| Record set |
• • • •
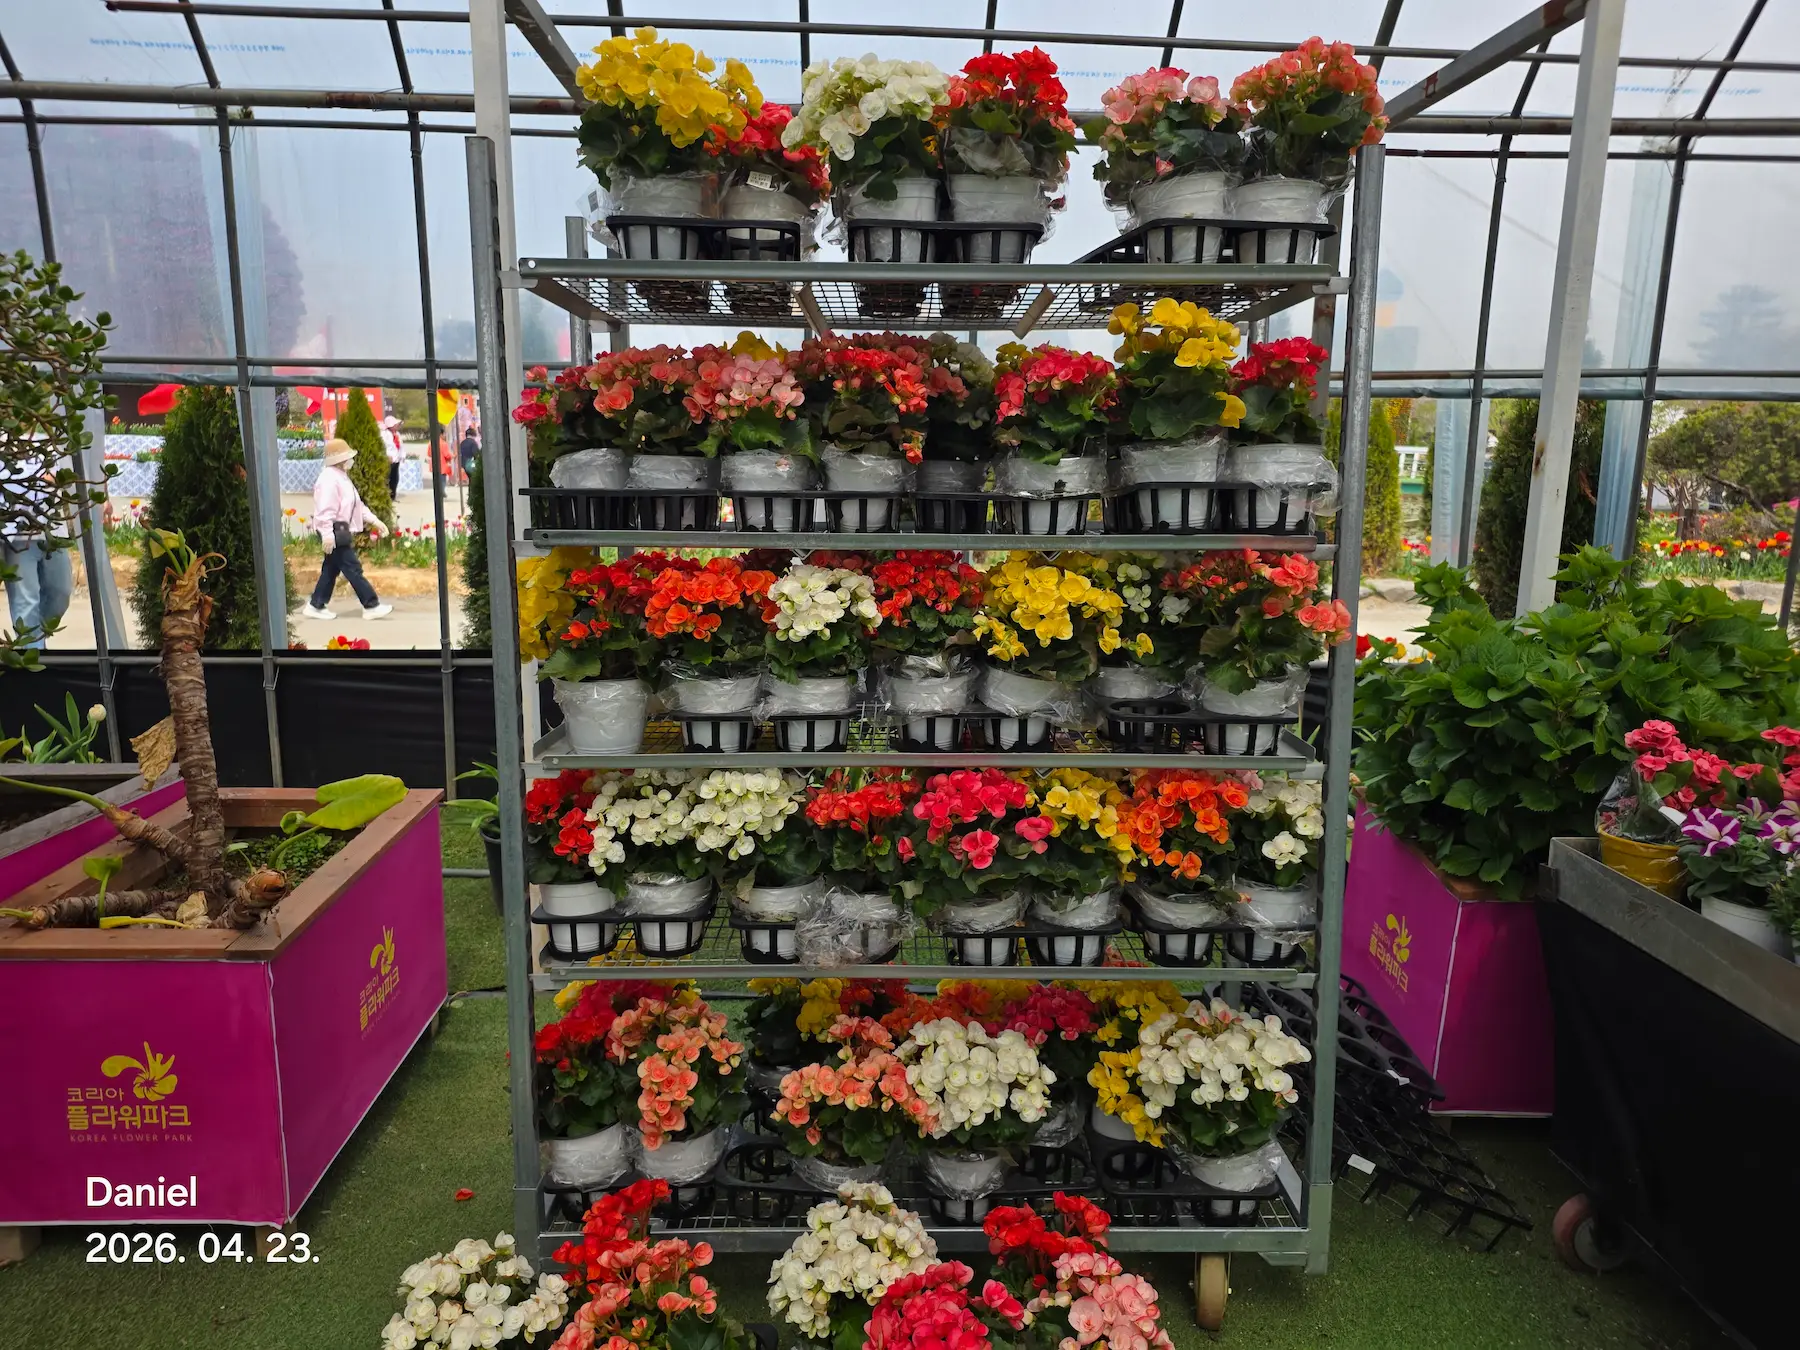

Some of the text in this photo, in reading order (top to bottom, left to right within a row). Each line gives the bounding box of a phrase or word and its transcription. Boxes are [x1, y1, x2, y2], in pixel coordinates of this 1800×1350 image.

[359, 973, 379, 1006] 코리아
[359, 966, 400, 1031] 플라워파크
[67, 1087, 124, 1102] 코리아
[67, 1105, 191, 1130] 플라워파크
[70, 1133, 192, 1142] KOREA FLOWER PARK
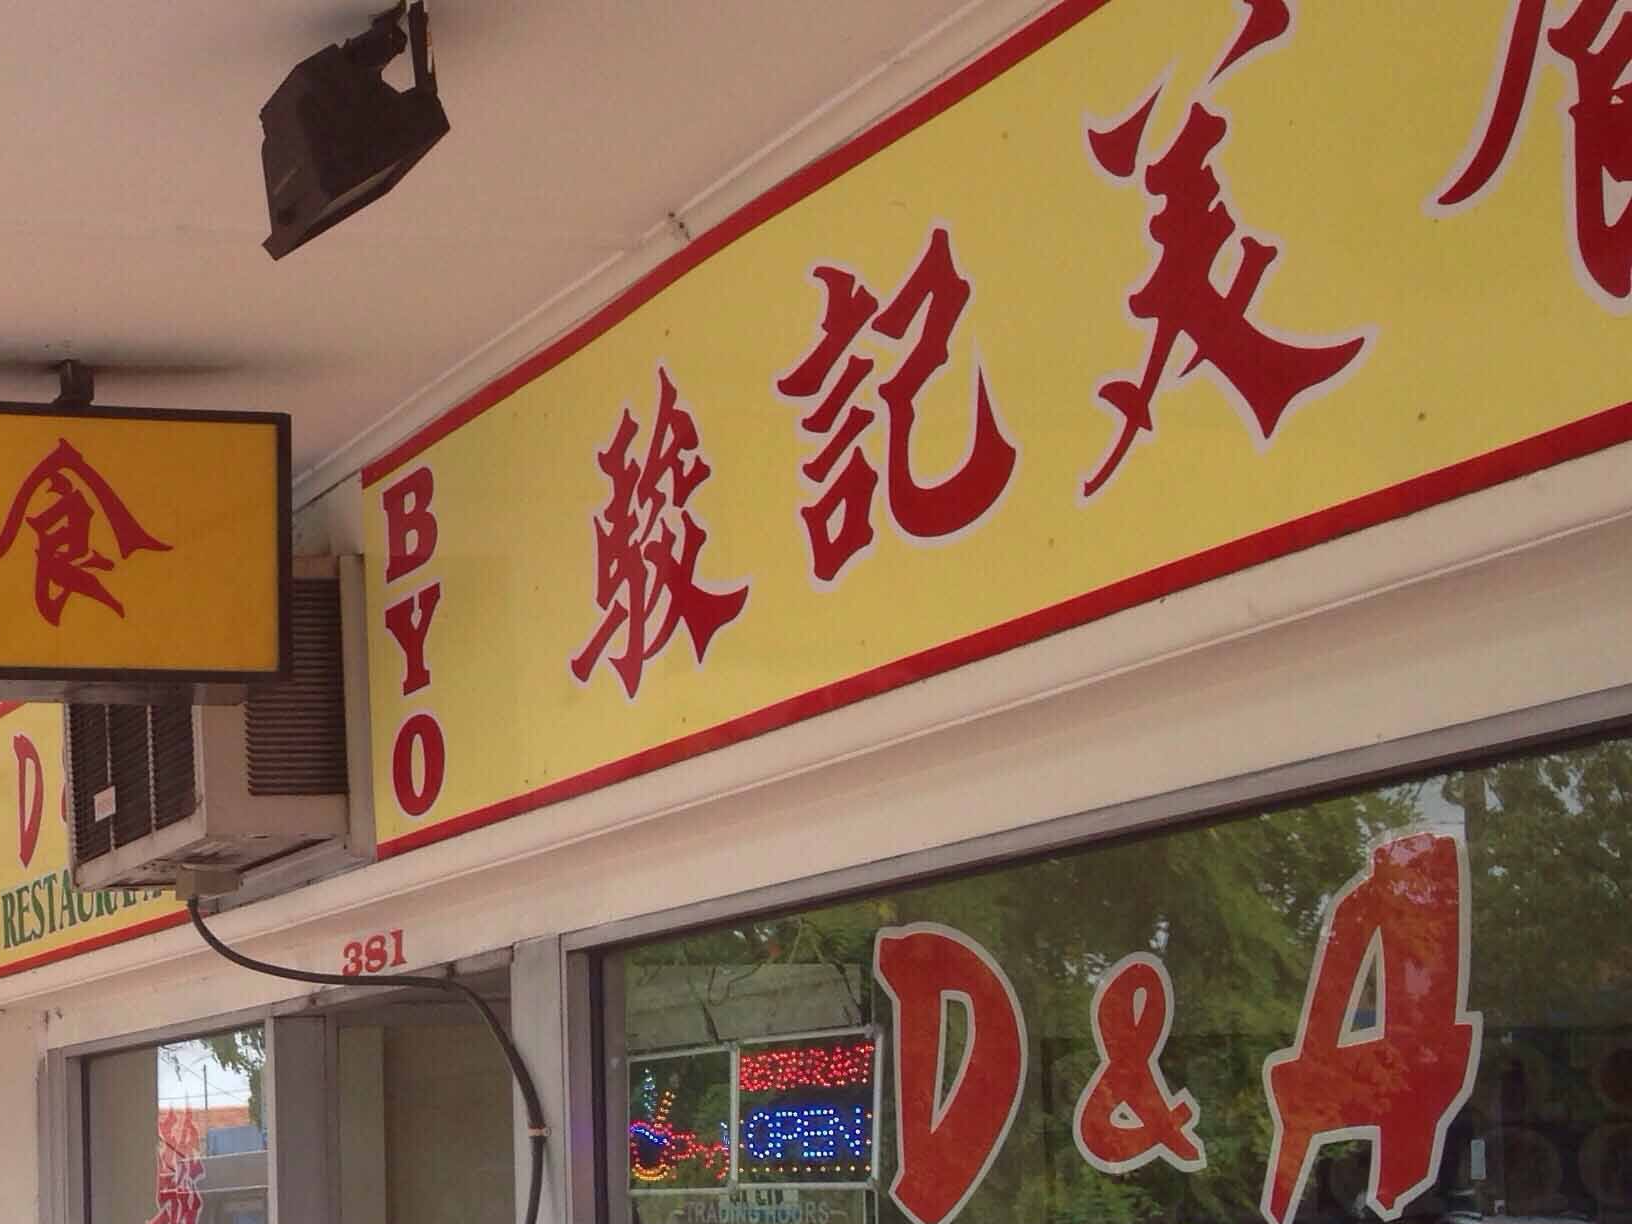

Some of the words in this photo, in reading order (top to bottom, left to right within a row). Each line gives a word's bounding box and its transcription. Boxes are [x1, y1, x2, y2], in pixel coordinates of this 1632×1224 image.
• • • •
| Work request |
Repeat the listing in full and to the letter, excluding every image.

| Written solution |
Some of the text in this photo, in reading order (top to bottom, left to right within a row). Each line gives the bounding box of a phrase or word and its transcription. Boxes are [x1, y1, x2, y2], in pixel coordinates of this 1800×1350 image.

[359, 973, 379, 1006] 코리아
[359, 966, 400, 1031] 플라워파크
[67, 1087, 124, 1102] 코리아
[67, 1105, 191, 1130] 플라워파크
[70, 1133, 192, 1142] KOREA FLOWER PARK

Some of the words in this photo, in reading order (top to bottom, left to right within a row). Each line gives a word's bounding box and its transcription. Boxes are [x1, y1, x2, y2], in pixel coordinates of this 1632×1224 image.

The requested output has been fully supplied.